2. Telemetry-enhanced (findDeadCodeCandidates, v6.4+) - ingests runtime call data to find code that exists but is never executed in production. This is where APM integration comes in. For the telemetry integration: It hooks into any OTEL-compatible collector. No custom instrumentation required, it parses standard OTLP metrics: - span.calls, http.server.request.count, rpc.server.duration_count, grpc.server.duration_count
- Extracts function/namespace/file from span attributes (configurable via telemetry.attributes.functionKeys, etc.) You'd configure a pipeline from your APM (Datadog, Honeycomb, Jaeger, whatever) to forward aggregated call counts to CKB's ingest endpoint. The matcher then correlates runtime function names to SCIP symbol IDs with confidence scoring (exact: file+function+line, strong: file+function, weak: namespace+function only). Full setup: https://codeknowledge.dev/docs/Telemetry The static analysis mode is probably enough to start with. Telemetry integration is for when you want "this code hasn't been called in 90 days" confidence rather than "this code has no static references." Curious how the token optimization presets balance context window costs against the depth of call graph analysis. I've found that aggressively pruning context to save on input tokens often degrades reasoning quality pretty quickly when dealing with complex dependencies. The architecture separates tool availability from result depth, which addresses exactly that concern. Presets control tool availability, not output truncation. The core preset exposes 19 tools (~12k tokens for definitions) vs full with 50+ tools. This affects what the AI can ask for, not what it gets back.

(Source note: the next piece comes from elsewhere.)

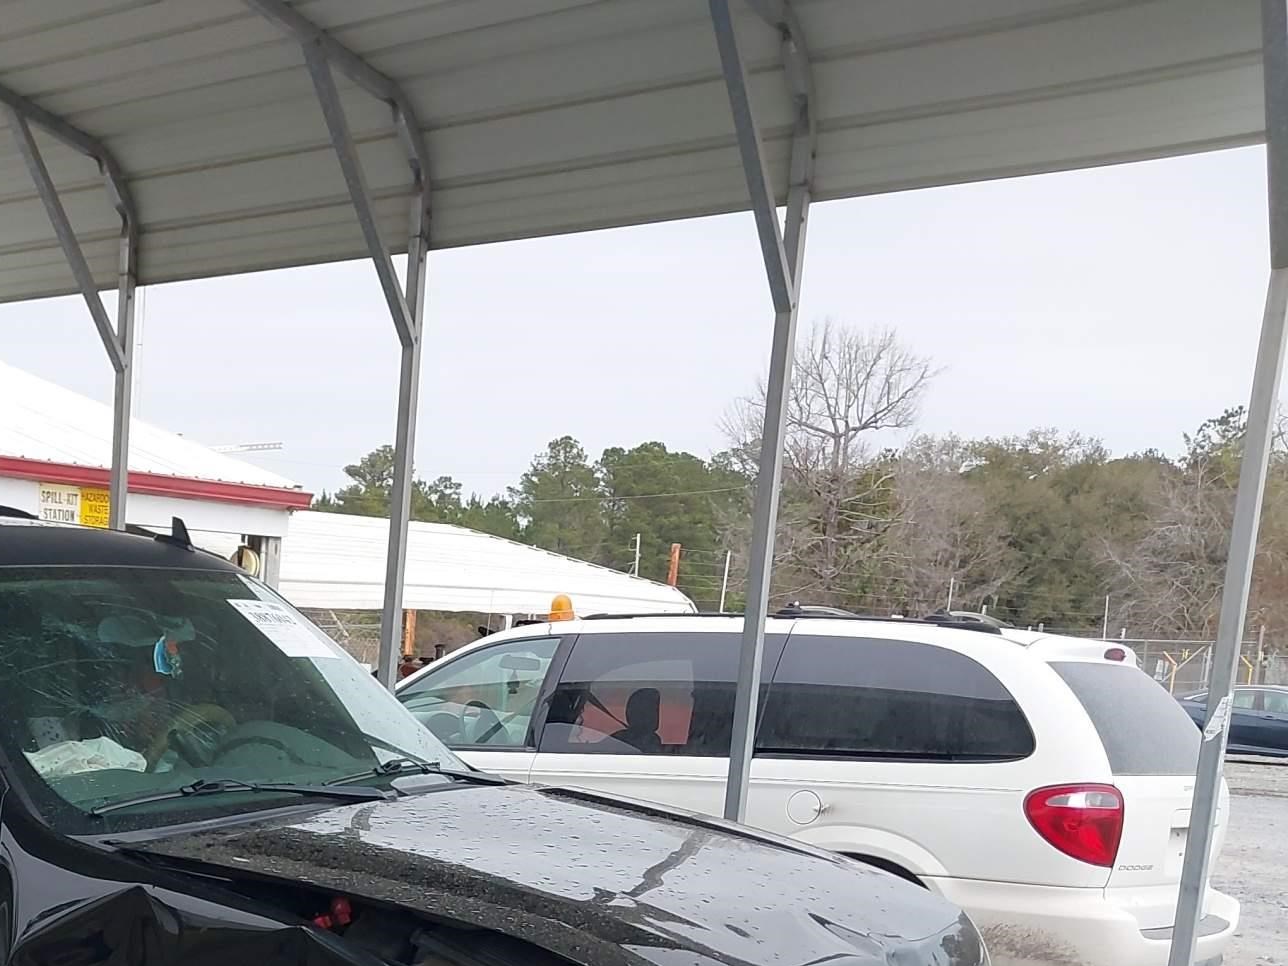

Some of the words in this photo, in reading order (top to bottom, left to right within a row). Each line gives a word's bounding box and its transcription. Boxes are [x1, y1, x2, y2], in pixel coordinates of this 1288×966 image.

The AI can dynamically call expandToolset mid-session to unlock additional tools when needed. Depth parameters control which analyses run, not result pruning. For compound tools like explore:
- shallow: 5 key symbols, skips dependency/change/hotspot analysis entirely
- standard: 10 key symbols, includes deps + recent changes, parallel execution
- deep: 20 key symbols, full analysis including hotspots and coupling This is additive query selection. The call graph depth (1-4 levels) is passed through unchanged to the underlying traversal—if you ask for depth 3, you get full depth 3, not a truncated version. On token optimization specifically: CKB tracks token usage at the response level using WideResultMetrics (measures JSON size, estimates tokens at ~4 bytes/token for structured data). When truncation does occur (explicit limits like maxReferences), responses include transparent TruncationInfo metadata with reason, originalCount, returnedCount, and droppedCount. The AI sees exactly what was cut and why. The compound tools (explore, understand, prepareChange) reduce tool calls by 60-70% by aggregating what would be sequential queries into parallel internal execution. This preserves reasoning depth while cutting round-trip overhead. The AI can always fall back to granular tools (getCallGraph, findReferences) when it needs explicit control over traversal parameters.